*Activity*
Omitting all images, give the entries that follow again exactly as they read.
[[ Data under study open ]]
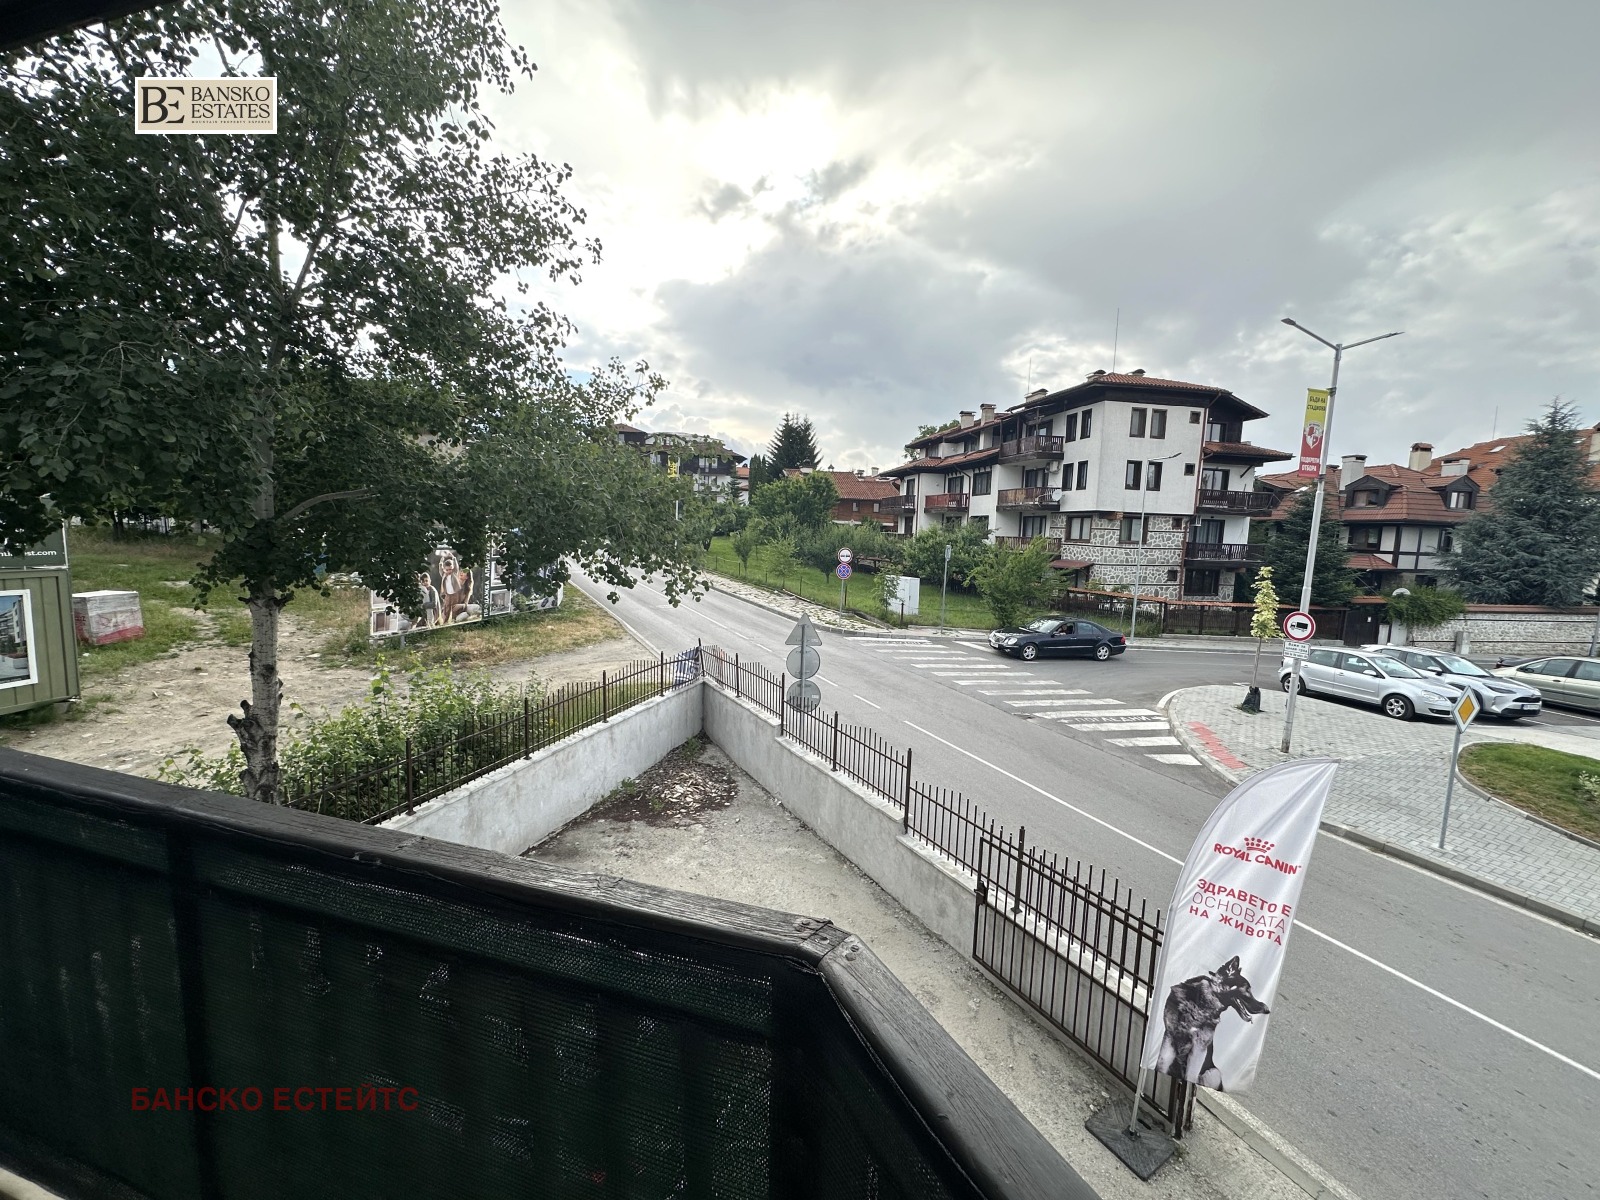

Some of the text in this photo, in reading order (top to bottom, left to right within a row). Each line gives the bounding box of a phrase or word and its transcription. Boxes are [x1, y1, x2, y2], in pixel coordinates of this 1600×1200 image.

[1214, 843, 1298, 875] ROYAL CANIN
[1192, 891, 1285, 933] ОСНОВАТА
[1197, 879, 1292, 917] ЗДРАВЕТО Е
[1189, 905, 1282, 946] НА ЖИВОТА
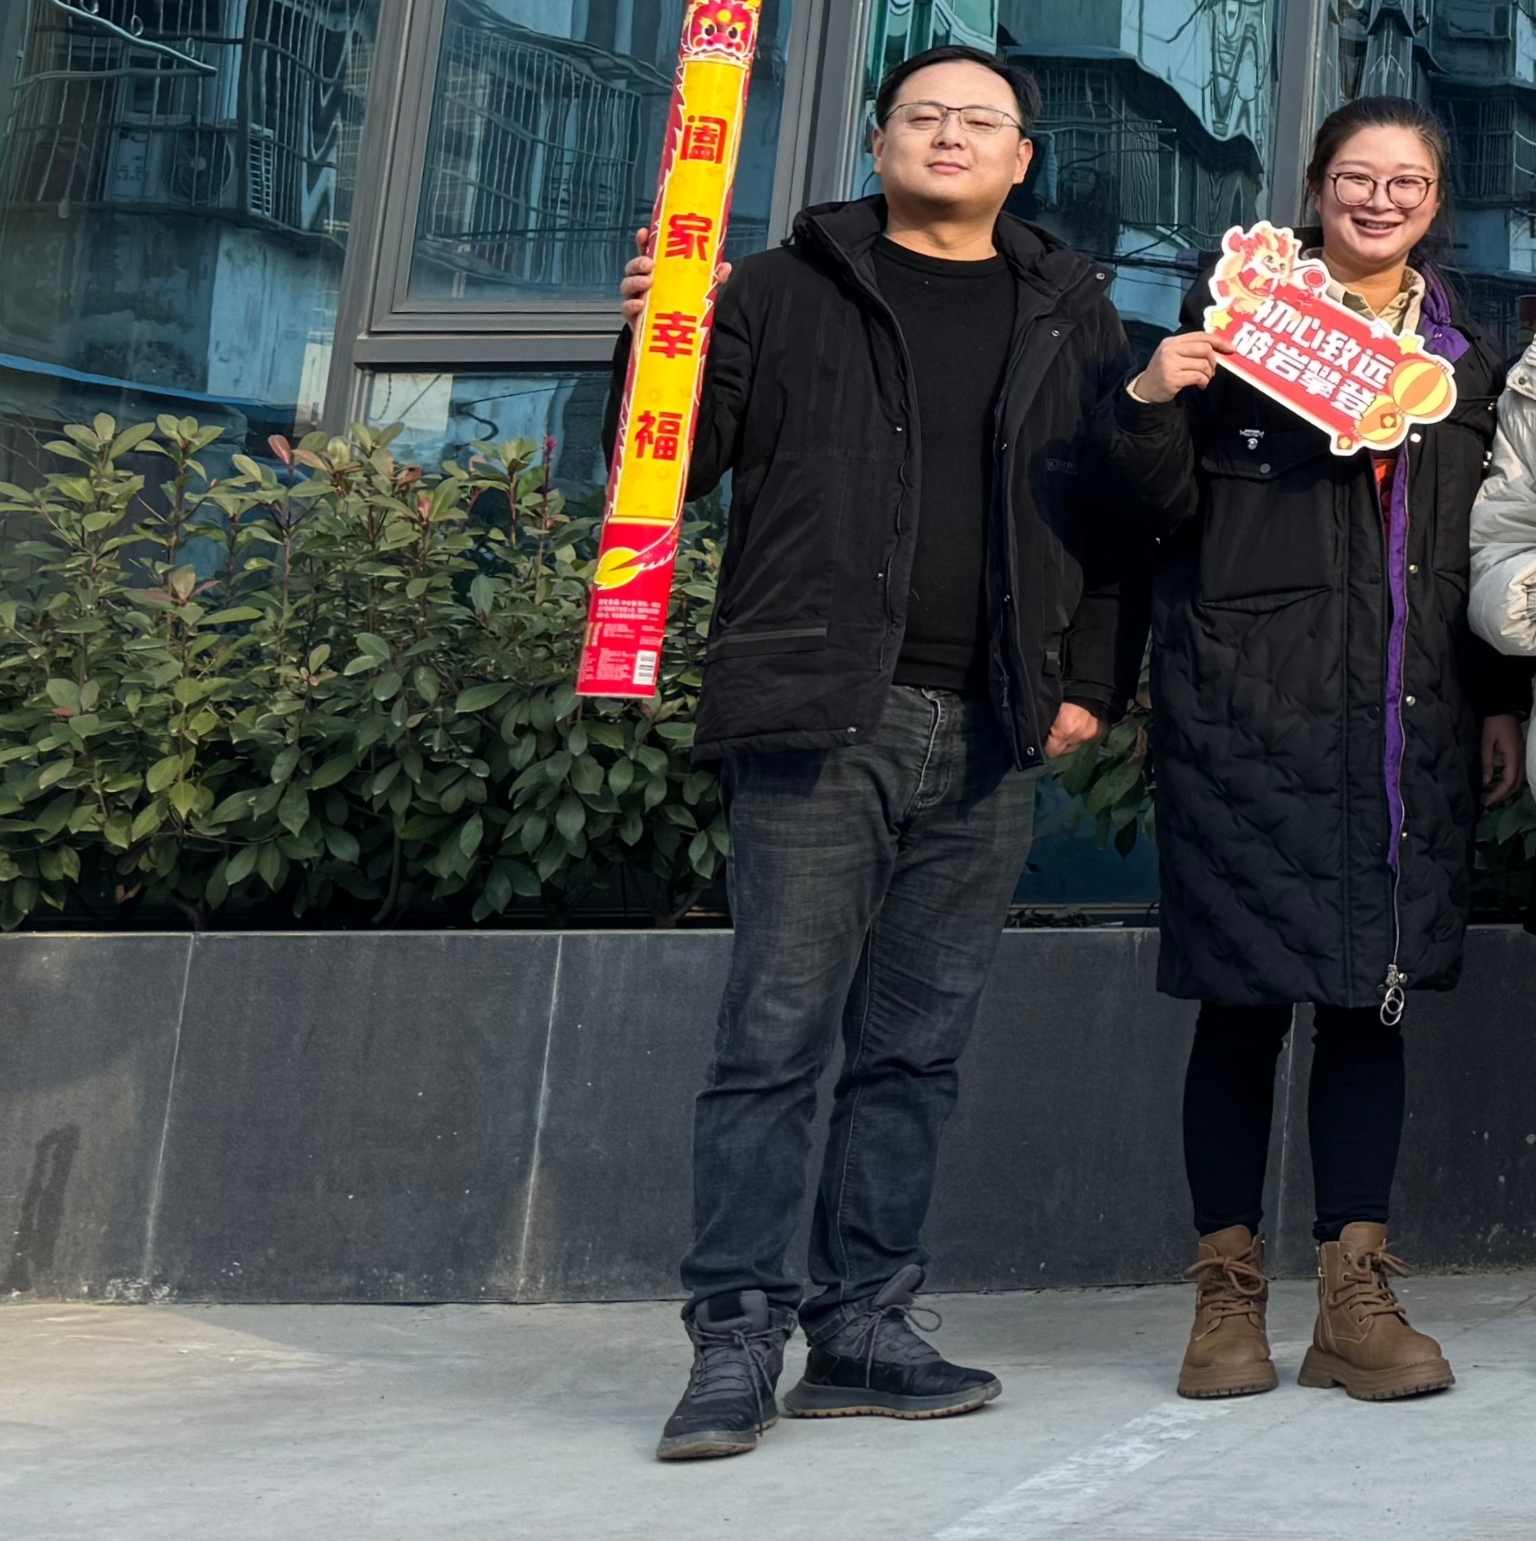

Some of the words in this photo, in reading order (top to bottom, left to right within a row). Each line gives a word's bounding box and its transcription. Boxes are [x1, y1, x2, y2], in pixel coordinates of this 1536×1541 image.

[634, 114, 728, 463] 阖家幸福
[1231, 321, 1377, 422] 破岩攀登
[1252, 298, 1397, 390] 初心致远
[[ Data under study closed ]]
*Solution to this exercise*
Some of the text in this photo, in reading order (top to bottom, left to right within a row). Each line gives the bounding box of a phrase or word and its transcription. Boxes are [x1, y1, x2, y2], in pixel coordinates of this 1600×1200 image.

[1214, 843, 1298, 875] ROYAL CANIN
[1192, 891, 1285, 933] ОСНОВАТА
[1197, 879, 1292, 917] ЗДРАВЕТО Е
[1189, 905, 1282, 946] НА ЖИВОТА

Some of the words in this photo, in reading order (top to bottom, left to right within a row). Each line gives a word's bounding box and its transcription. Boxes are [x1, y1, x2, y2], in pixel coordinates of this 1536×1541 image.

[634, 114, 728, 463] 阖家幸福
[1231, 321, 1377, 422] 破岩攀登
[1252, 298, 1397, 390] 初心致远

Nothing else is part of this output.